Thorsten Sellin points out that ‘ Crime arising from primary cultural conflict occurs when a colonial power extends her legal system to her colonial territories. When this happens, traditional practices which are in conflict with the criminal code of the colonial power are made illegal by the colonial government.’
Section 357A of the Code of Criminal Procedure,1973 has been incorporated in the Cr.P.C. . The object and purpose of the provision is to enable the Court to direct the State to pay compensation to the victim where the compensation under Section 357 was not adequate or where the case ended in acquittal or discharge and the victim was required to be rehabilitated. The provision was incorporated on the recommendation of 154th Report of Law Commission. Victims of rape, assault, child sexual abuse, drunk driving, and domestic violence, as well as the families of homicide victims, are all eligible to apply for financial help. Compensation shall be provided for any economically Assessable damage resulting from violations of human rights or international humanitarian law, such as: (a) Physical or mental harm, including pain, suffering and emotional distress; (b) Lost opportunities including education; (c) Material damages and loss of earnings, including loss of earning potential; (d) Harm to reputation or dignity; (e) Costs required for legal or expert assistance, medicines and medical services.”
There are arguments that even several enactments are brought into existence, those are too vague to give any information as to whether any new schemes are being brought into effect for the speedy and immediate welfare of victims by the legislatures. When it is mentioned in the existing enactments that several social reforms were brought for safety of women, it is admitted that those are old laws and no new comprehensive legislation is enacted to provide immediate relief to the victim, at least, intentional civil wrongs are not codified in India whereas other developed countries enacted such law for the safety of victims. Still most of the people in India blindly rely on the provisions of Indian Penal Code,1860 without mulling over whether it is a civil or criminal case. The reason for such situation is that civil wrongs, which concentrate more on victims, is not codified in India.
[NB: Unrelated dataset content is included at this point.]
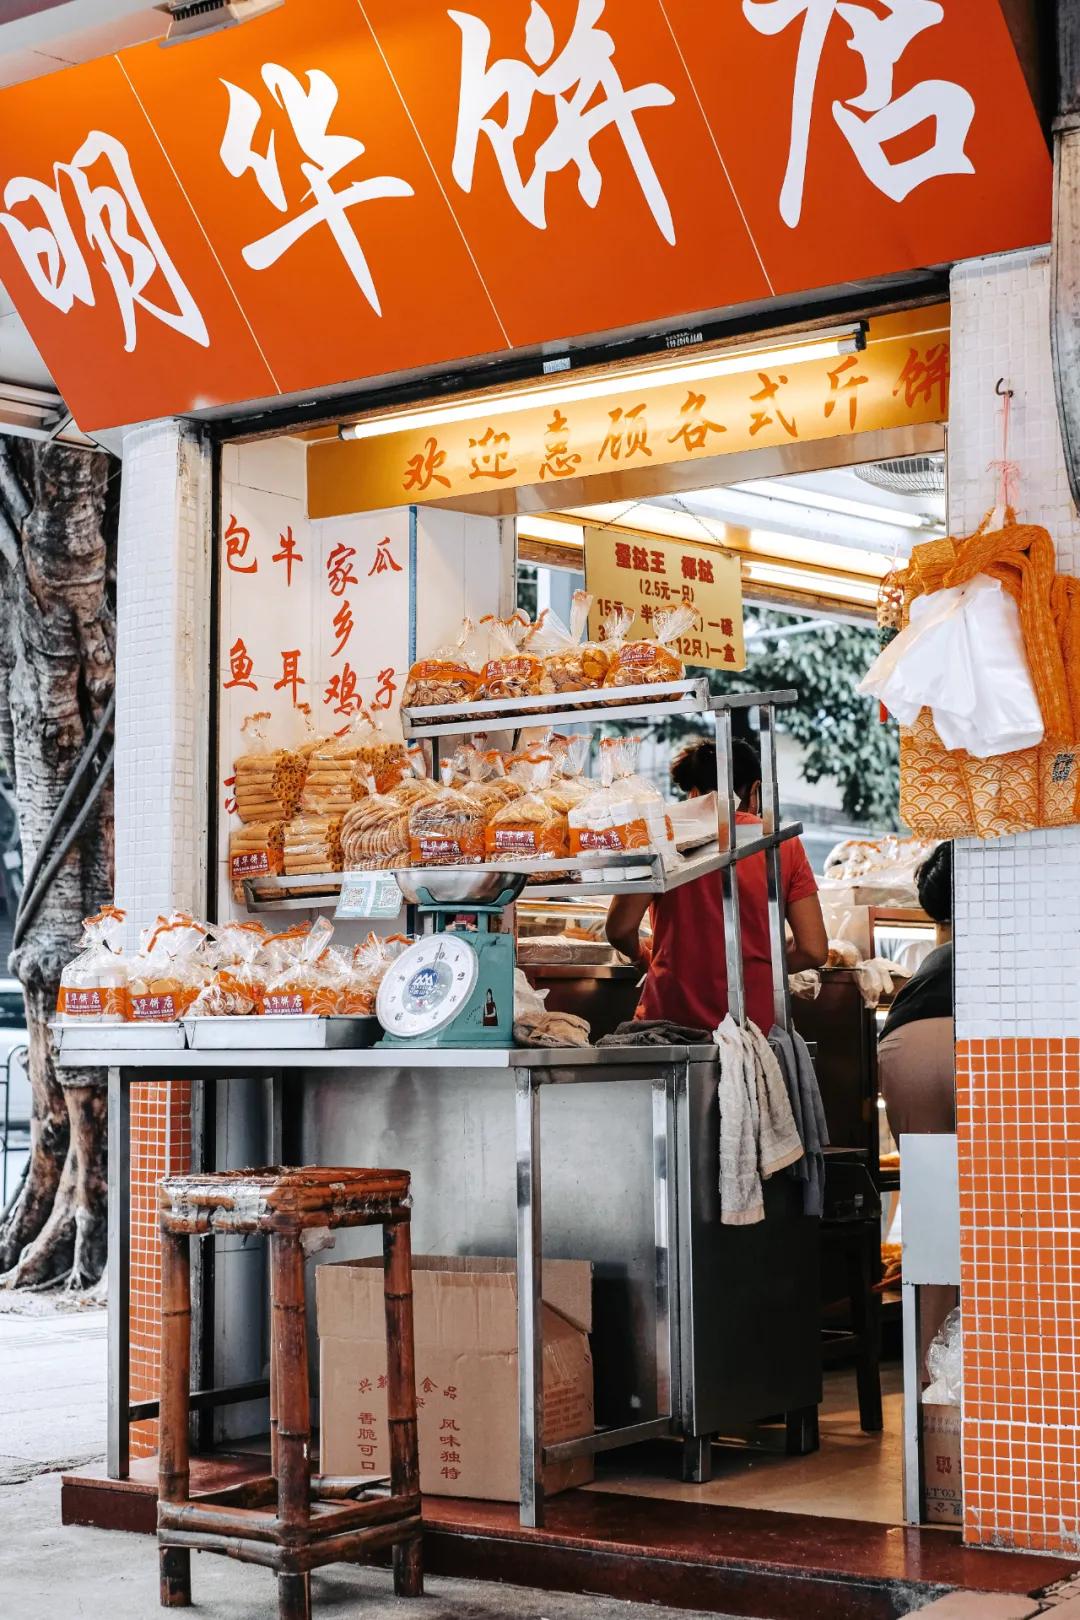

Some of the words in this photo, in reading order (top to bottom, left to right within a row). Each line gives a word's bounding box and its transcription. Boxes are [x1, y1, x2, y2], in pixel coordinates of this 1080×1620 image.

These enactment referred to infra clearly indicate that even in the year 1830 social reforms were all brought under control by the legislation and women rights have been recognised by several enactments. If in addition to these rights and the below mentioned laws were also under practice and no negligence was shown in respect of rights of women and if it is alleged, that the enjoyment of these rights was by women exclusively as parts of their rights and if there is nothing to show that they were enjoying the rights surreptitiously, or covertly or furtively then of course, it is absurd for some sects of society to contend that they were not aware these extensions of rights, if really extensions were unauthorised. When it is possible for these people to have enjoyed these rights as parts of their requisite rights, it is a context in which the rule of equality could be applied that ‘no society can progress with men alone‘
To overcome the shackles of orthodox ideologies in the society, during British period itself, several enactments were introduced, such as
in 1830, the Sati Prohibition Act;
in 1856, the Hindu Widows Remarriage Act;
in 1872, the Special Marriage Act;
in 1929, the Child Marriage Restraint Act;
in 1937, the Hindu Women’s Right to Property Act (Now, repealed) ;
in 1956, the Hindu Succession Act;
in 1939, the Dissolution of Muslim Marriage Act.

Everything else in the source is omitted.